* Problem statement
Restate, in full and unchanged, the entries that follow, but not their pictures.

---------- Records supplied

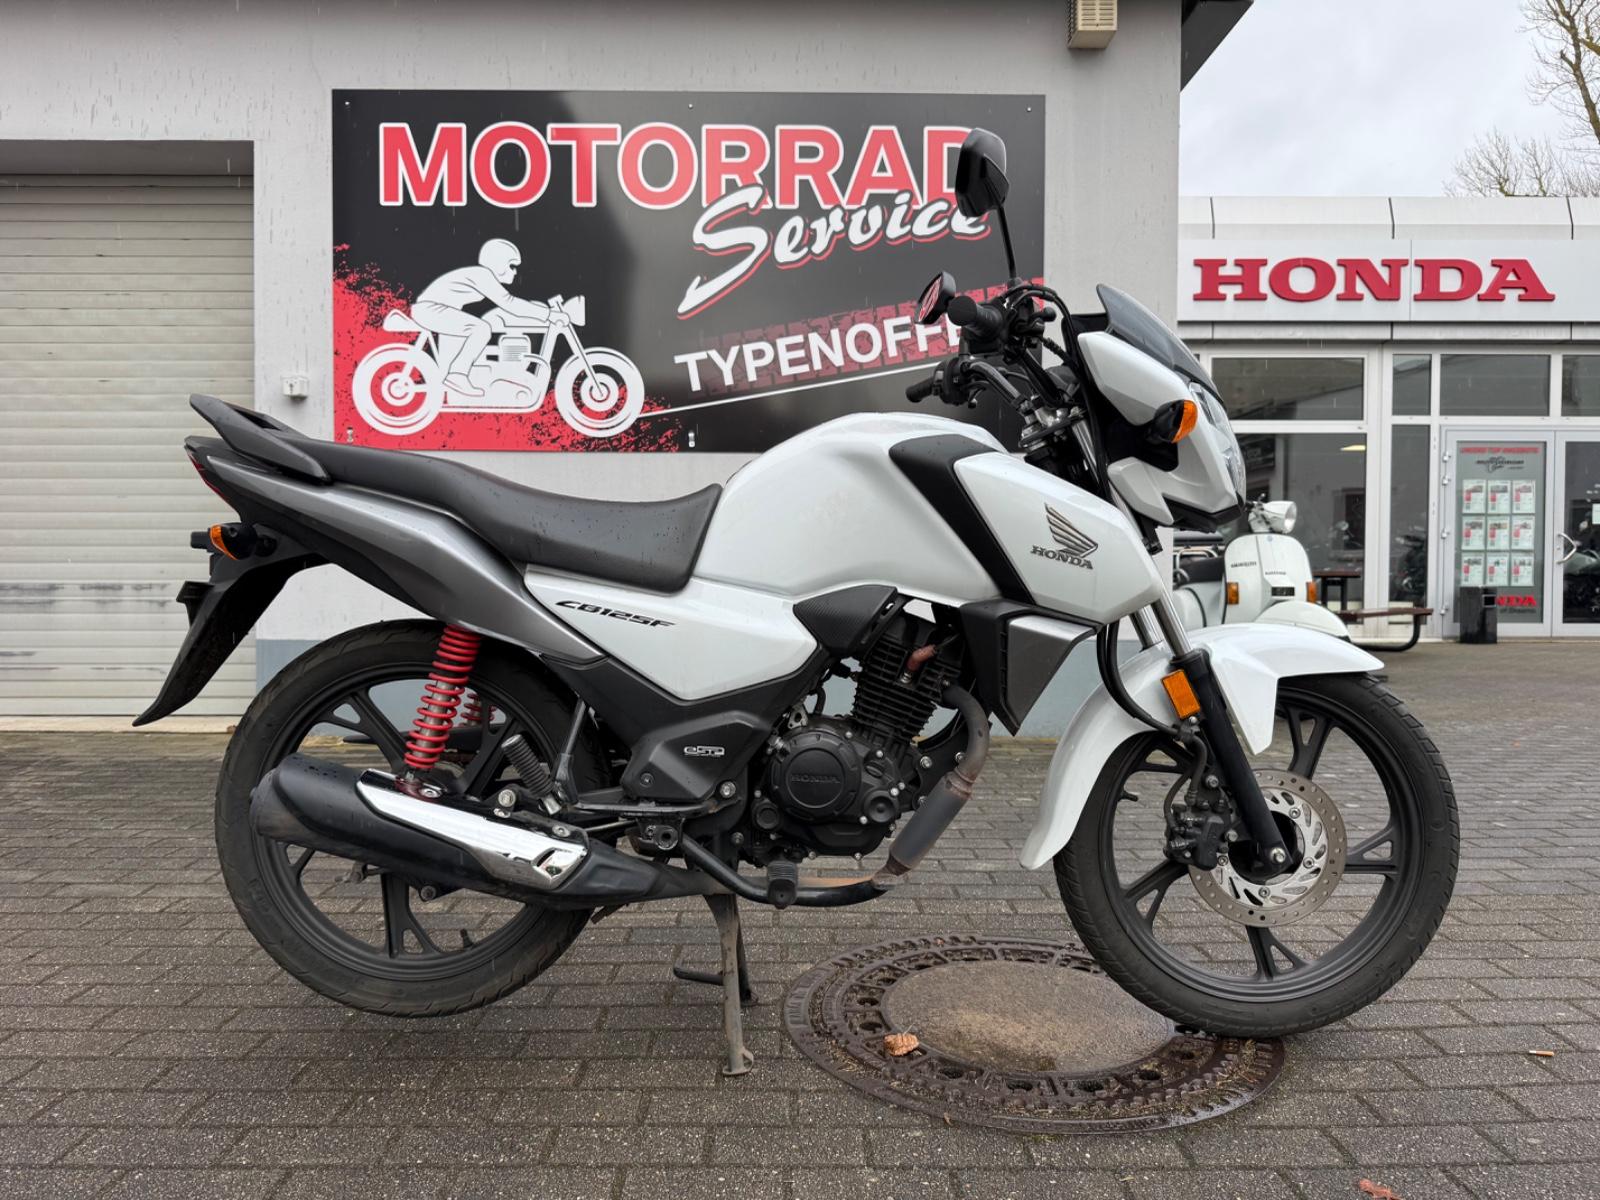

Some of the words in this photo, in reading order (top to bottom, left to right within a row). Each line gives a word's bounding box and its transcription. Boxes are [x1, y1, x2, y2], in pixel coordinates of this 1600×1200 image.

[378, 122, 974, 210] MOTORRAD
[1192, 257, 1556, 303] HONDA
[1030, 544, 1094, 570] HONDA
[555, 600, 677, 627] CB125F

--------------------

* Output for this task
Some of the words in this photo, in reading order (top to bottom, left to right within a row). Each line gives a word's bounding box and its transcription. Boxes are [x1, y1, x2, y2], in pixel coordinates of this 1600×1200 image.

[378, 122, 974, 210] MOTORRAD
[1192, 257, 1556, 303] HONDA
[1030, 544, 1094, 570] HONDA
[555, 600, 677, 627] CB125F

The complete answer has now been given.